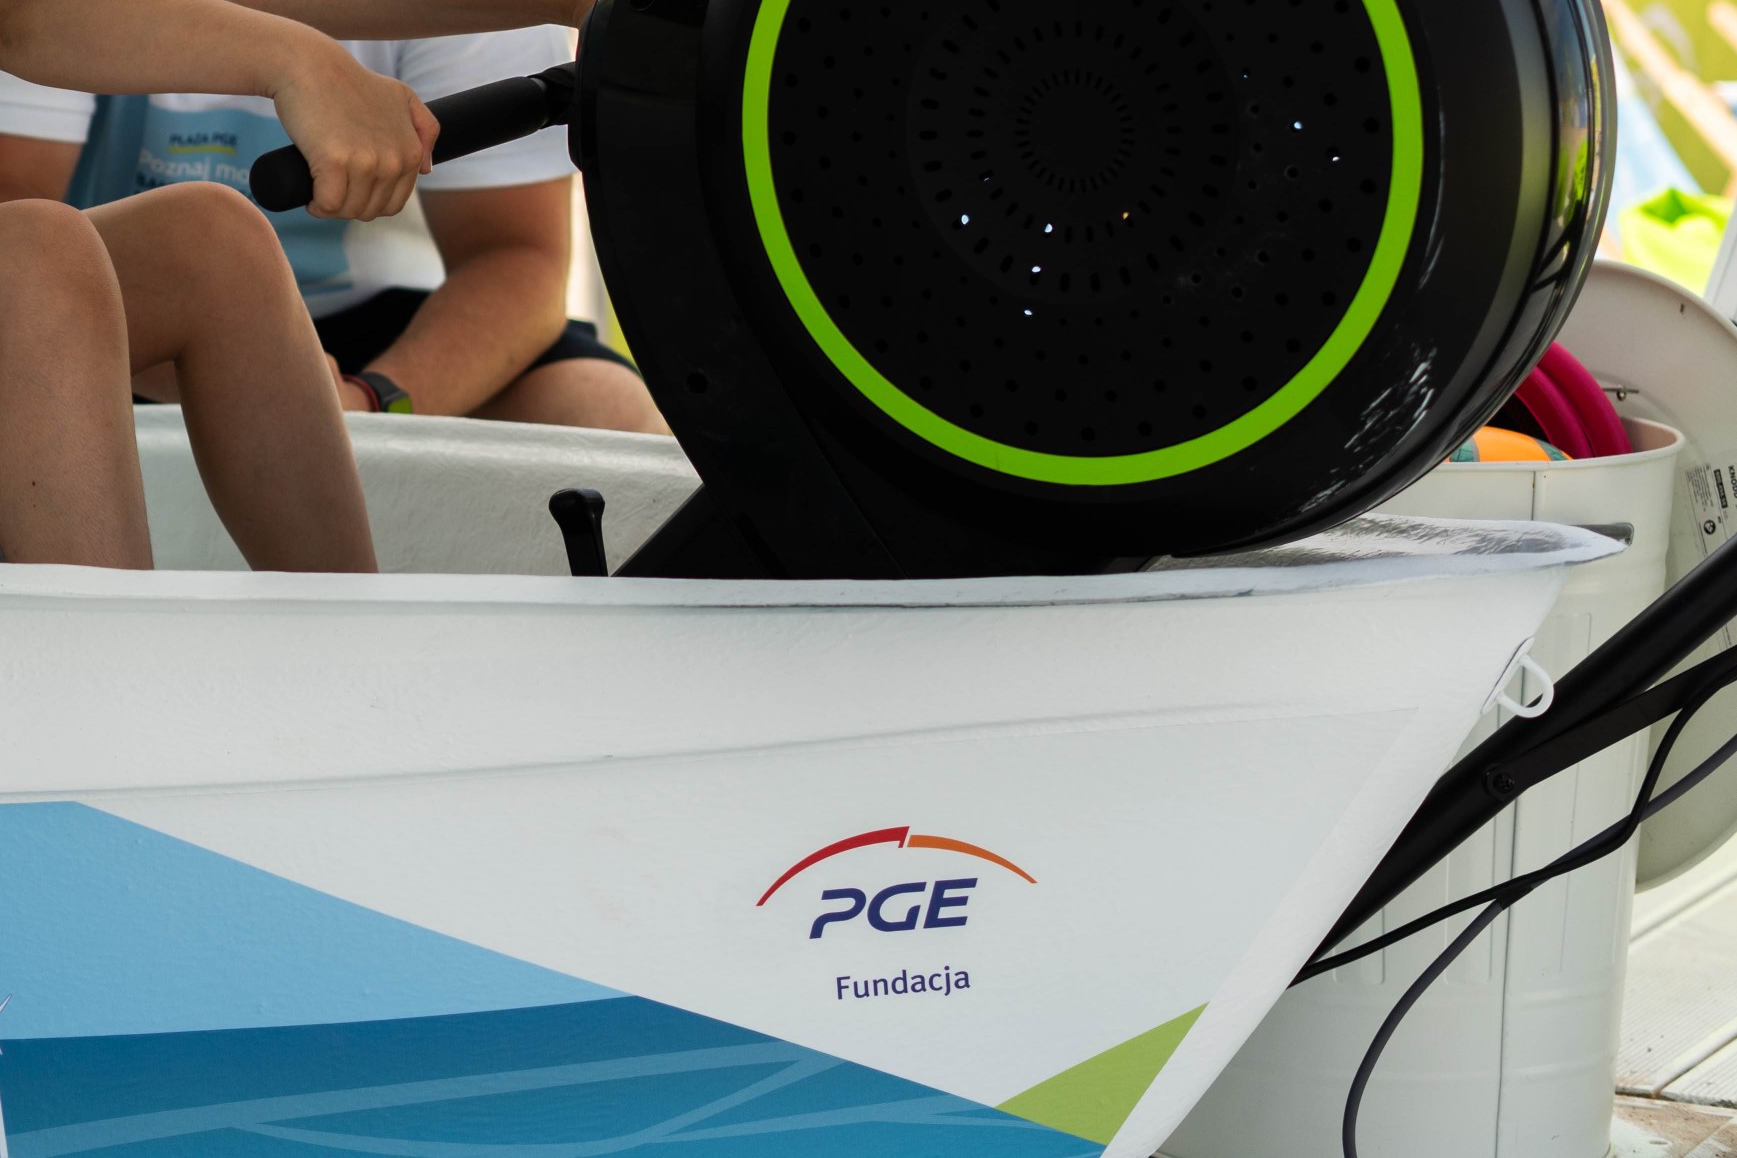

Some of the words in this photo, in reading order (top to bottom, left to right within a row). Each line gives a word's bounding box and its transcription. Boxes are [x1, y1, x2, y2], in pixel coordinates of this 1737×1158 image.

[140, 149, 210, 182] Poznaj
[216, 163, 250, 183] mo
[809, 877, 978, 939] PGE
[836, 965, 971, 1000] Fundacja
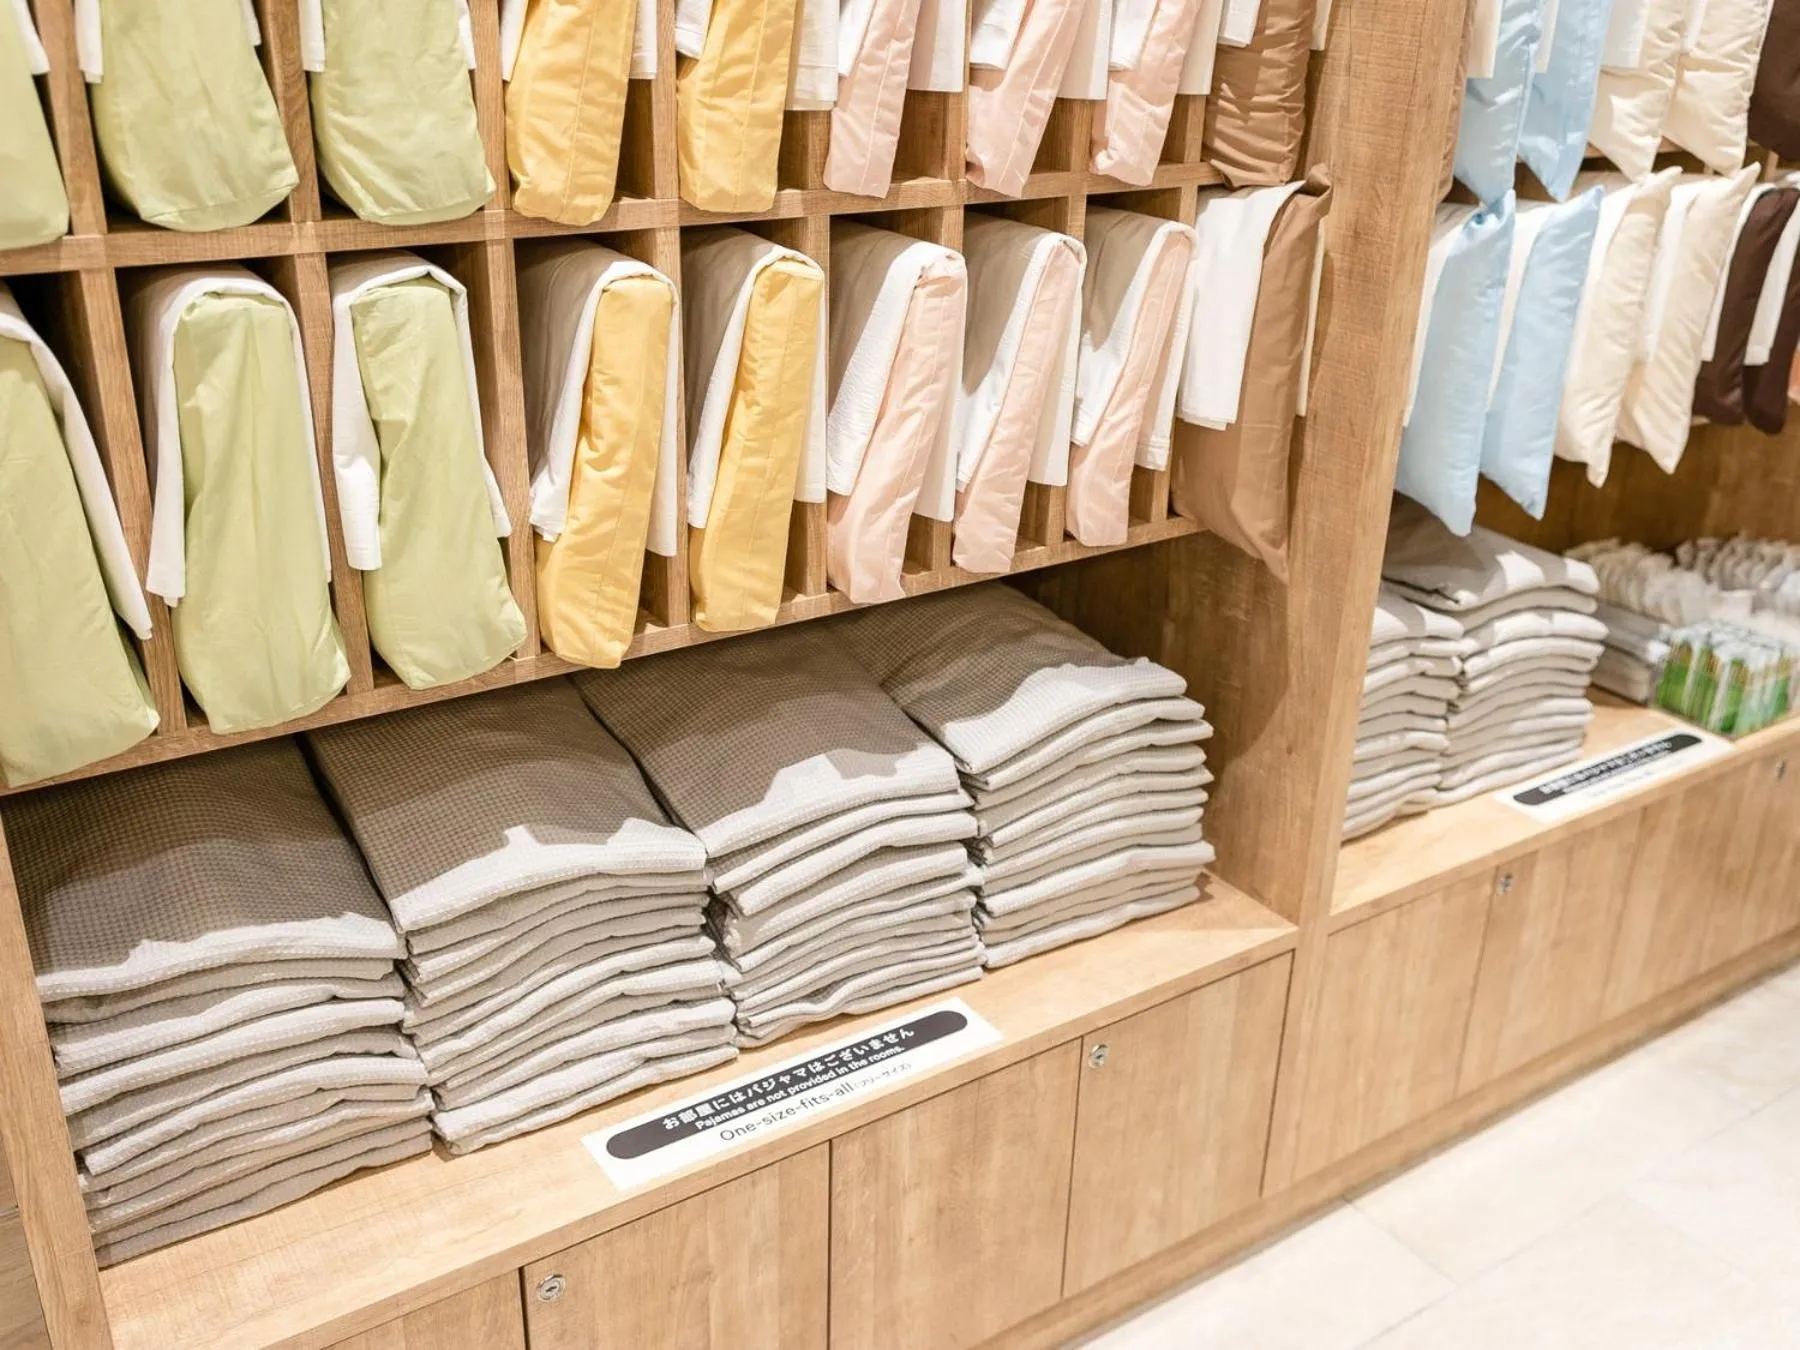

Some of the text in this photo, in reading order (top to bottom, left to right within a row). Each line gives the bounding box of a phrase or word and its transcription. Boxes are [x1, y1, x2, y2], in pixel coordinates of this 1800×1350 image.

[662, 1028, 915, 1130] お部屋にはパジャマはございません
[694, 1046, 905, 1130] Pajamas are not provided in the rooms.
[719, 1081, 855, 1141] One-size-fits-all

================================

* _Directions_:
Omit the pictures and reproduce the listing exactly.

* _Your response_:
Some of the words in this photo, in reading order (top to bottom, left to right within a row). Each line gives a word's bounding box and its transcription. Boxes are [x1, y1, x2, y2], in pixel coordinates of this 1737×1158 image.

[140, 149, 210, 182] Poznaj
[216, 163, 250, 183] mo
[809, 877, 978, 939] PGE
[836, 965, 971, 1000] Fundacja

Some of the text in this photo, in reading order (top to bottom, left to right within a row). Each line gives the bounding box of a phrase or word and its transcription. Boxes are [x1, y1, x2, y2], in pixel coordinates of this 1800×1350 image.

[662, 1028, 915, 1130] お部屋にはパジャマはございません
[694, 1046, 905, 1130] Pajamas are not provided in the rooms.
[719, 1081, 855, 1141] One-size-fits-all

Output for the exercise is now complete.